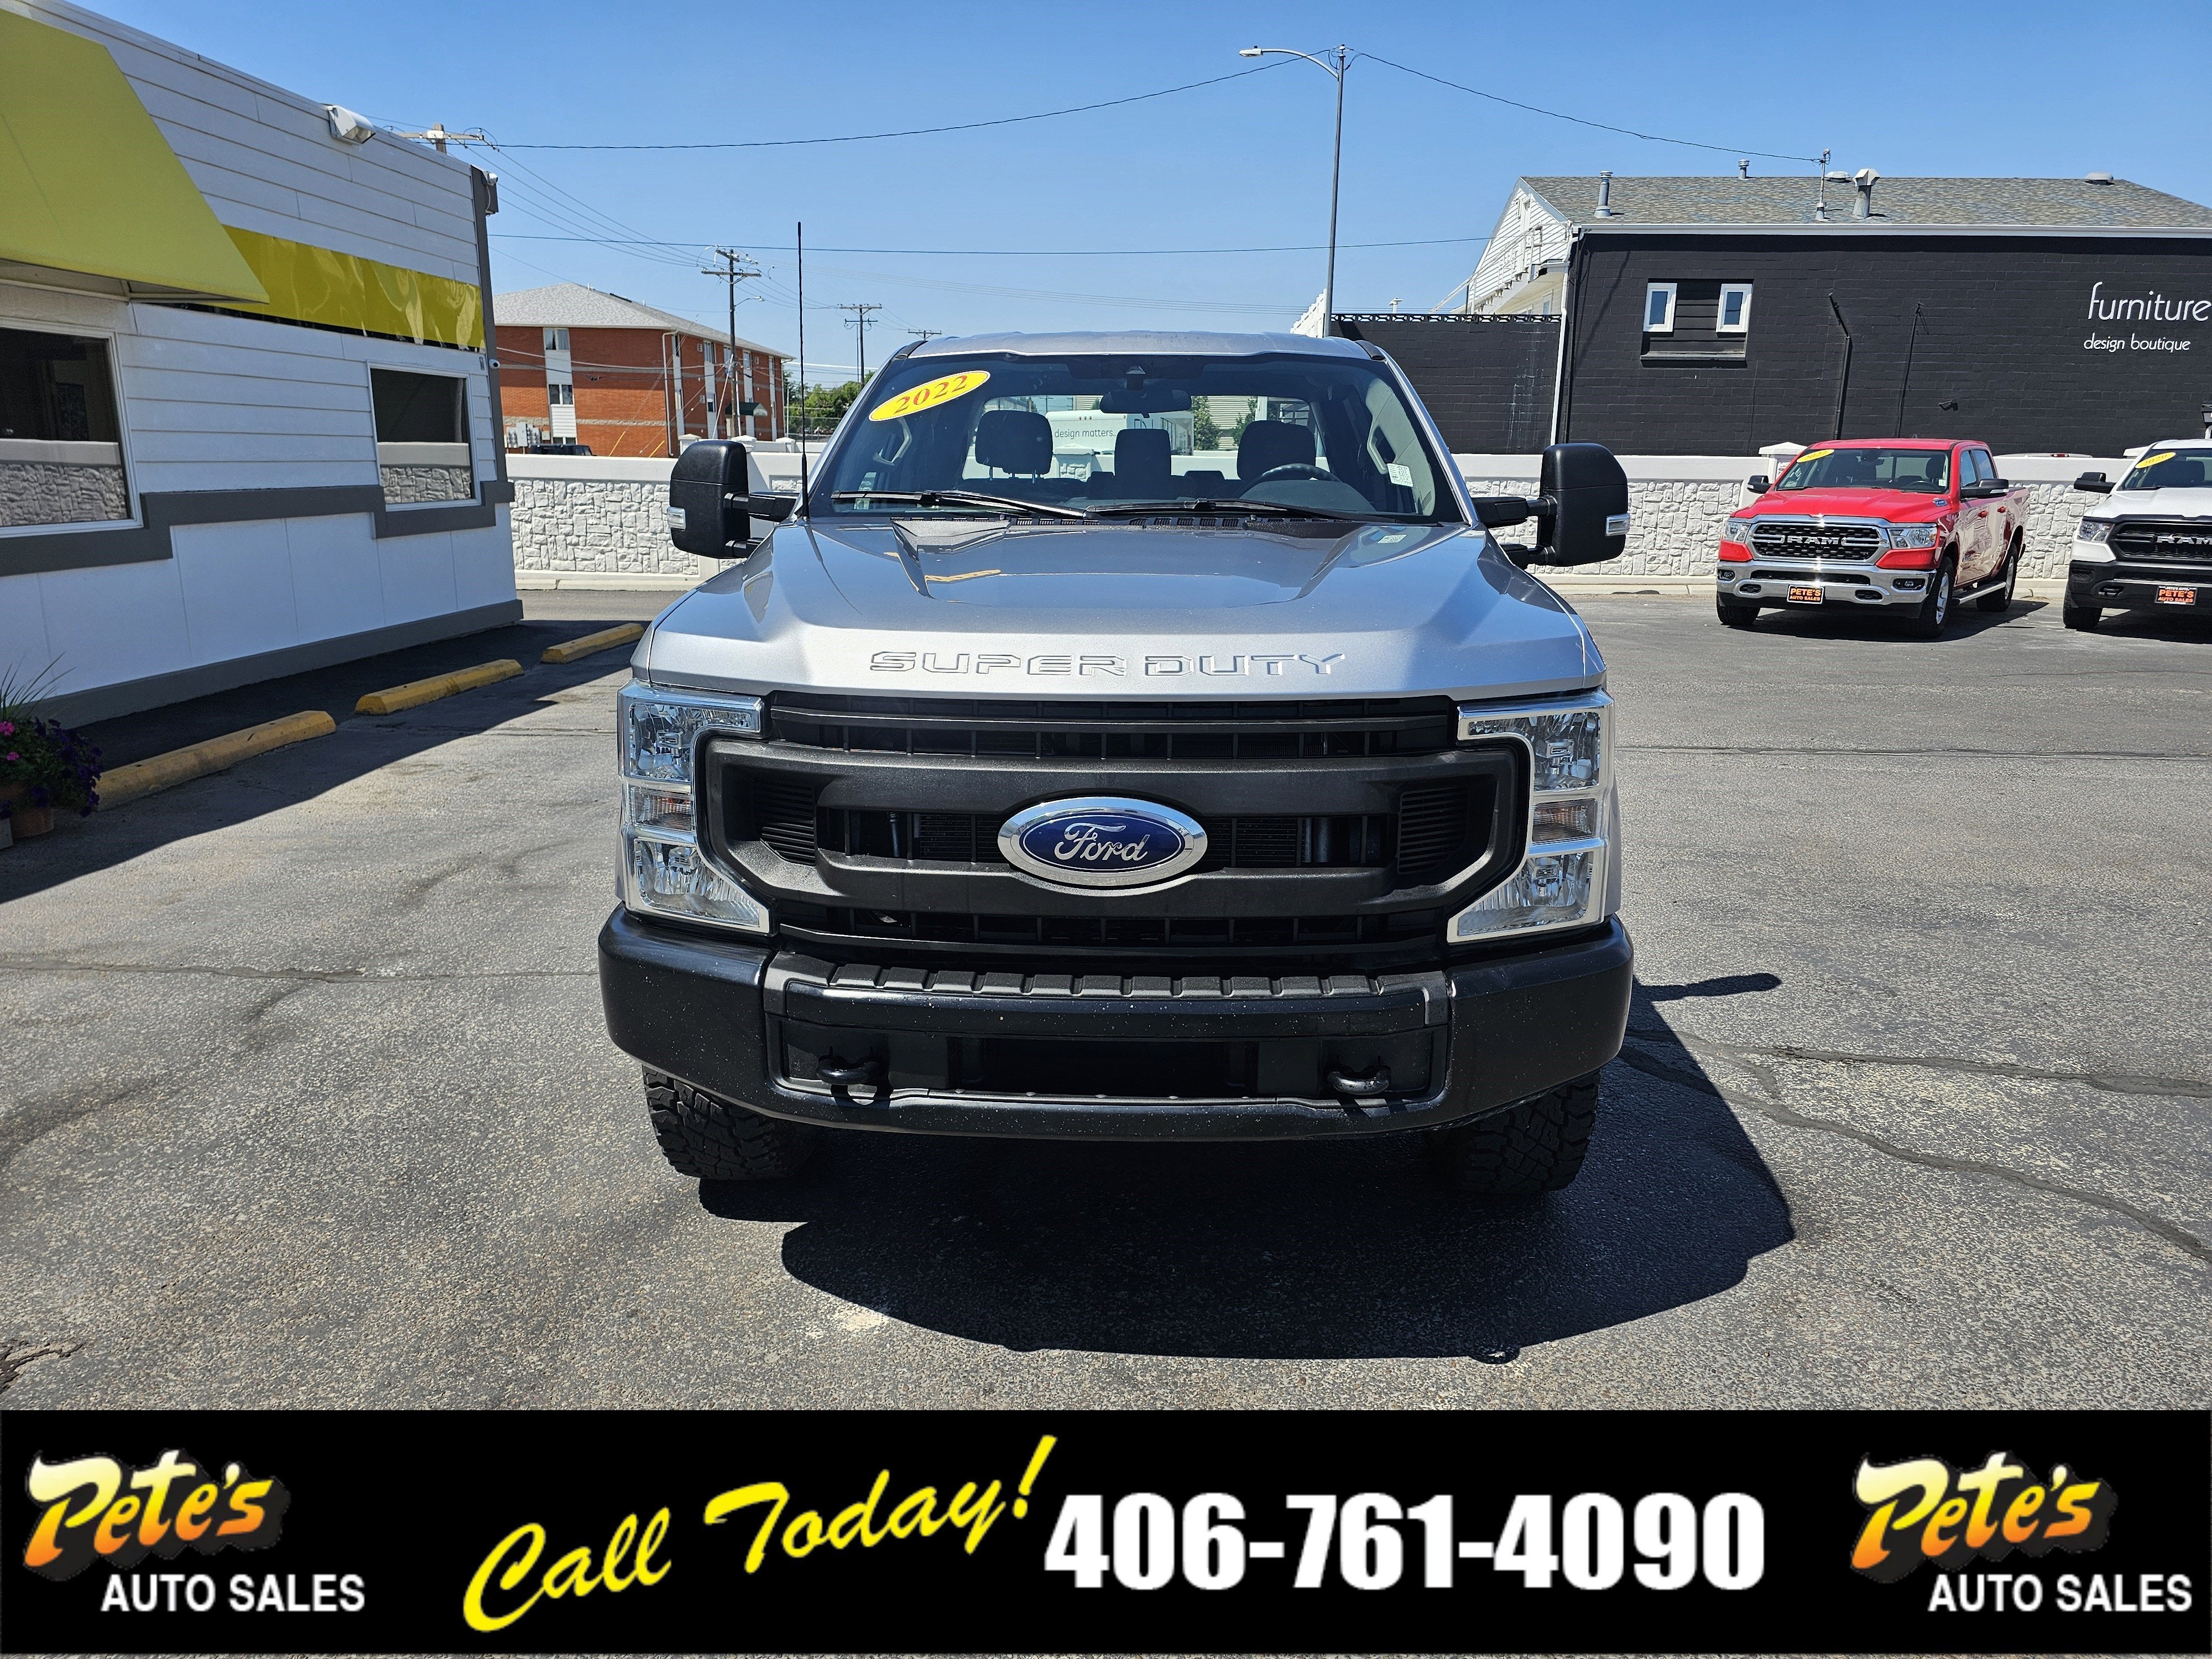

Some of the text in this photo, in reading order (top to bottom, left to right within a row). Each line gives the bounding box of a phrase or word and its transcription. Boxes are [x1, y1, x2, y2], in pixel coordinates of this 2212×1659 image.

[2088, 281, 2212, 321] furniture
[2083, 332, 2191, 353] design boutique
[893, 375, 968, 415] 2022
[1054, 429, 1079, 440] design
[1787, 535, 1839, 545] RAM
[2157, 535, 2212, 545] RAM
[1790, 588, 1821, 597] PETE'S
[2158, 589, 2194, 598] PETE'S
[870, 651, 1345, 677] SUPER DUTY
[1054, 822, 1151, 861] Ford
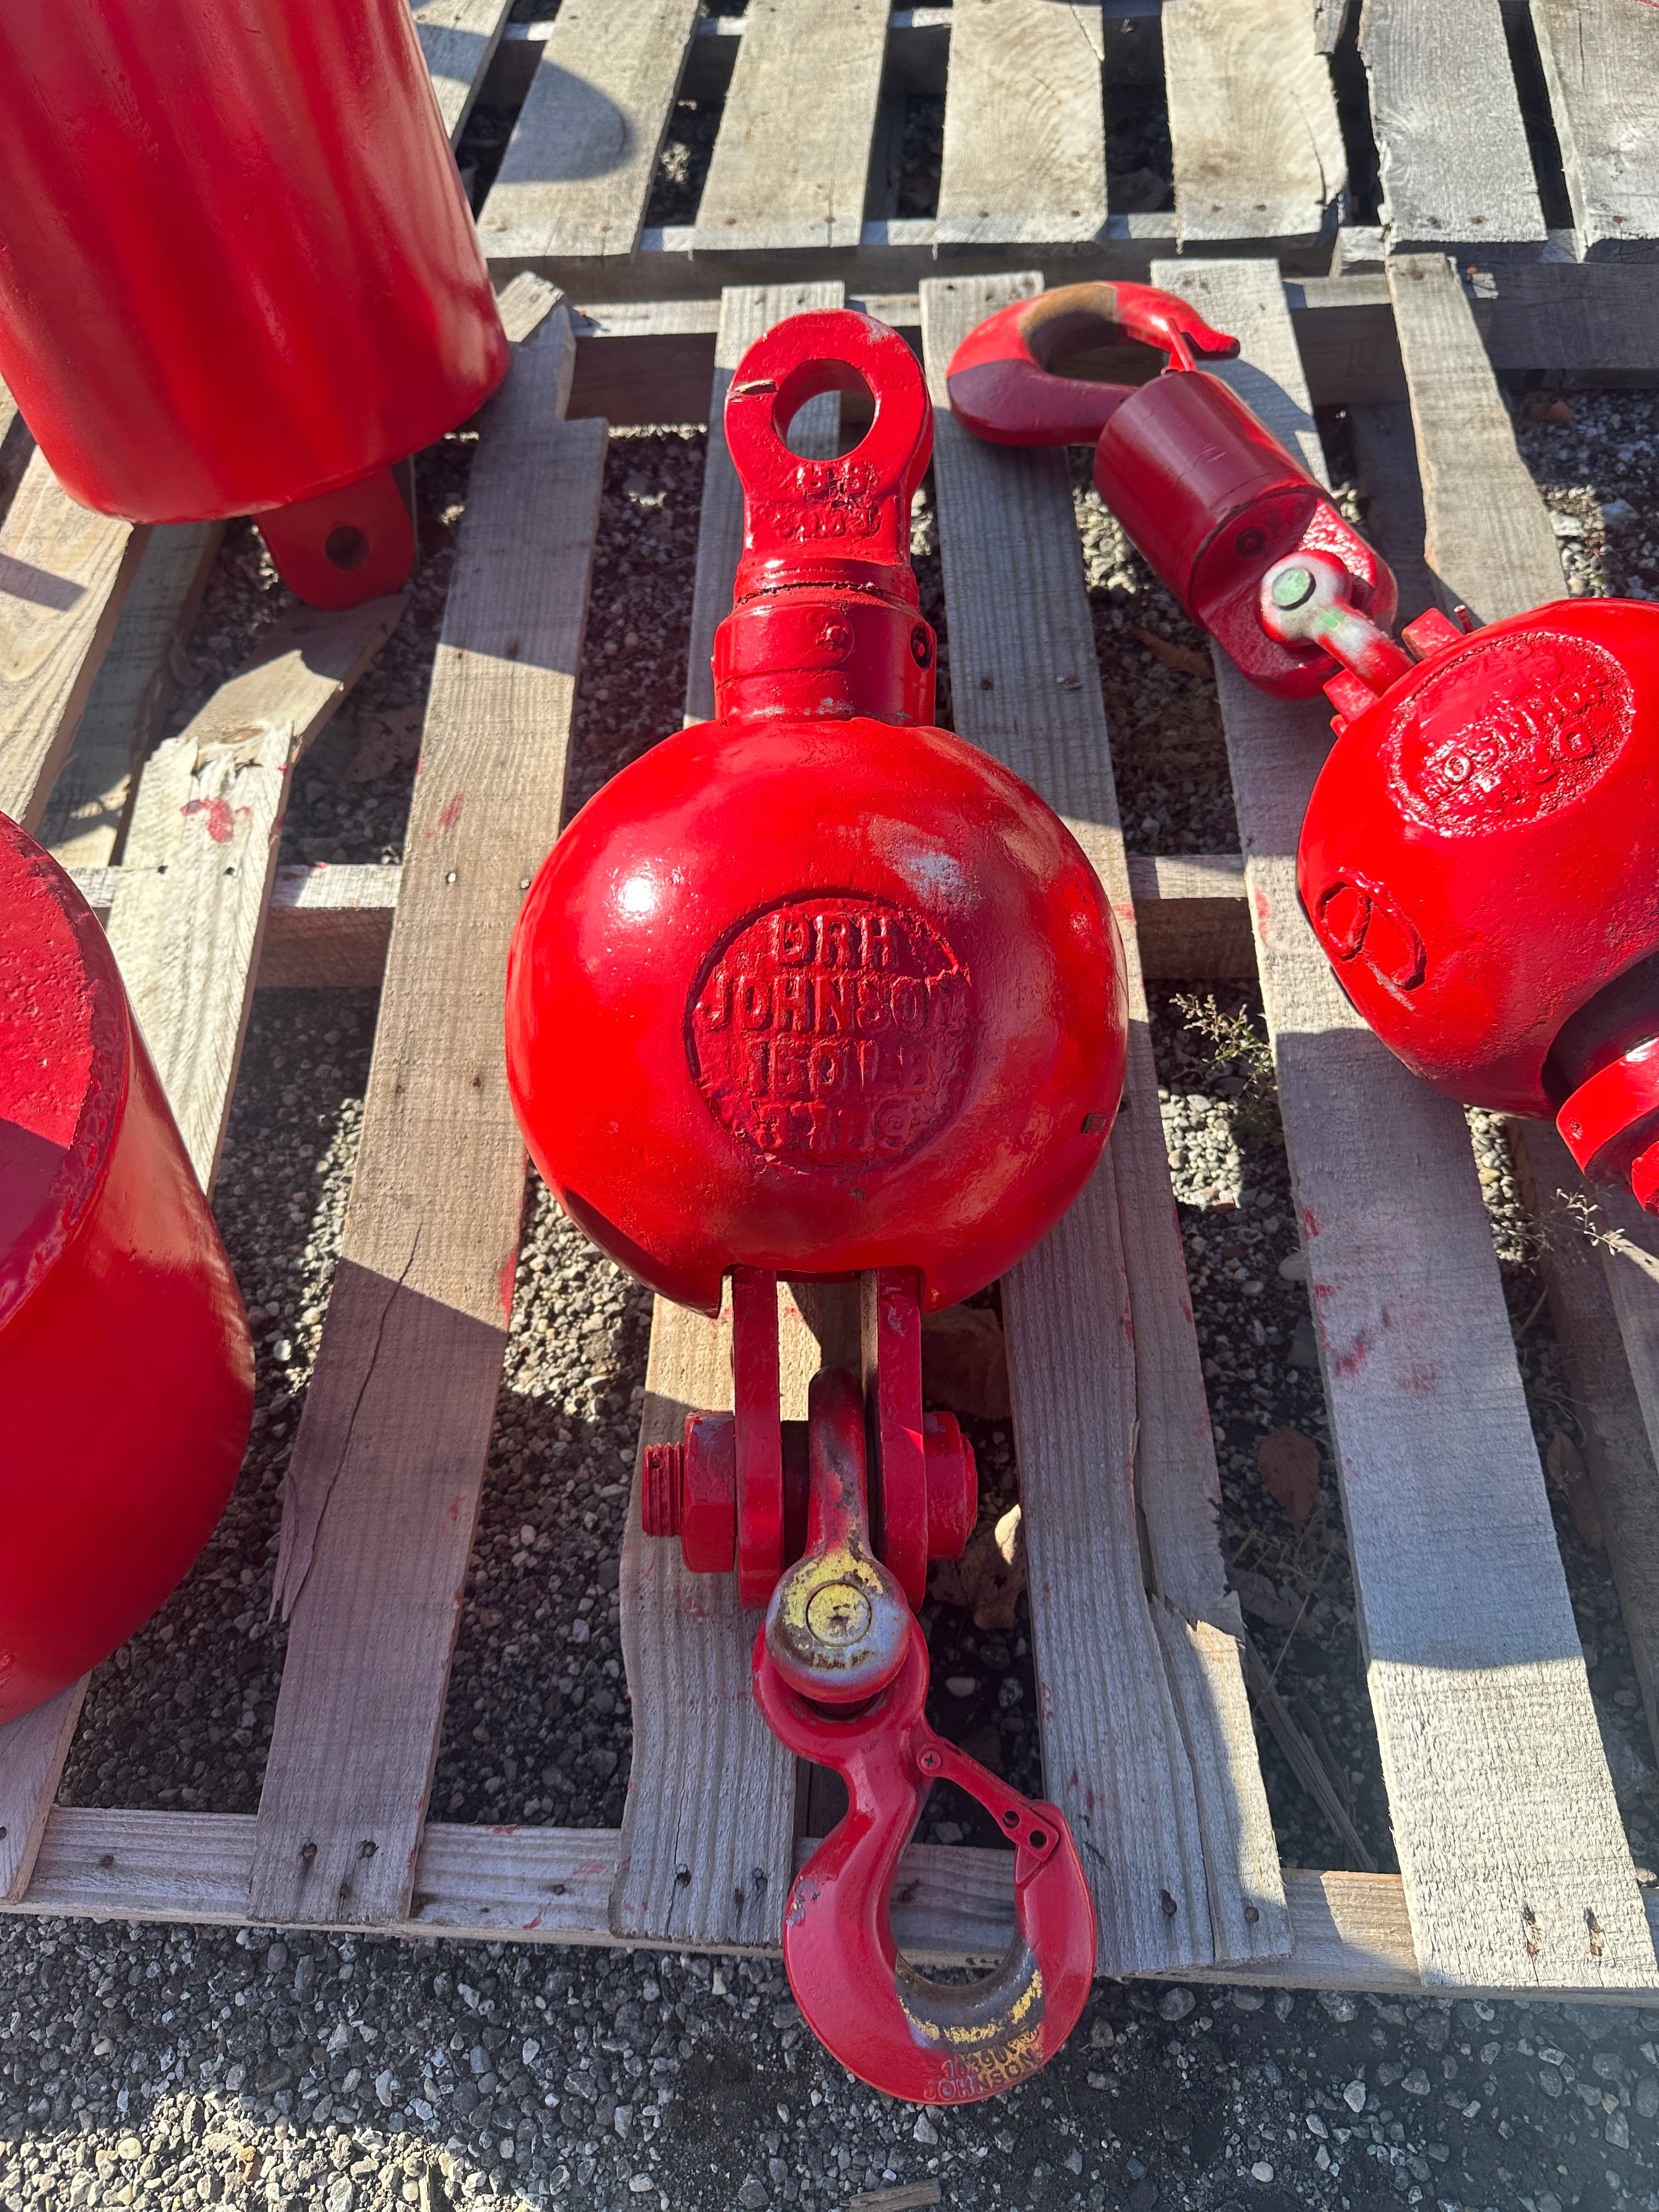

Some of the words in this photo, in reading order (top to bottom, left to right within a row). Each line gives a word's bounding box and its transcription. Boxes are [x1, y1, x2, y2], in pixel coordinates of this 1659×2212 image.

* * *

_Work order:_ From the material above, reproduce everything verbatim except the pictures.

_Exercise solution:_
Some of the text in this photo, in reading order (top to bottom, left to right within a row). Each line gives the bounding box of a phrase or word and its transcription. Boxes are [x1, y1, x2, y2], in pixel coordinates of this 2212×1659 image.

[2088, 281, 2212, 321] furniture
[2083, 332, 2191, 353] design boutique
[893, 375, 968, 415] 2022
[1054, 429, 1079, 440] design
[1787, 535, 1839, 545] RAM
[2157, 535, 2212, 545] RAM
[1790, 588, 1821, 597] PETE'S
[2158, 589, 2194, 598] PETE'S
[870, 651, 1345, 677] SUPER DUTY
[1054, 822, 1151, 861] Ford

Some of the words in this photo, in reading order (top to bottom, left to right within a row). Each line gives a word's bounding box and its transcription. Boxes are [x1, y1, x2, y2], in pixel coordinates of this 1659×2212 image.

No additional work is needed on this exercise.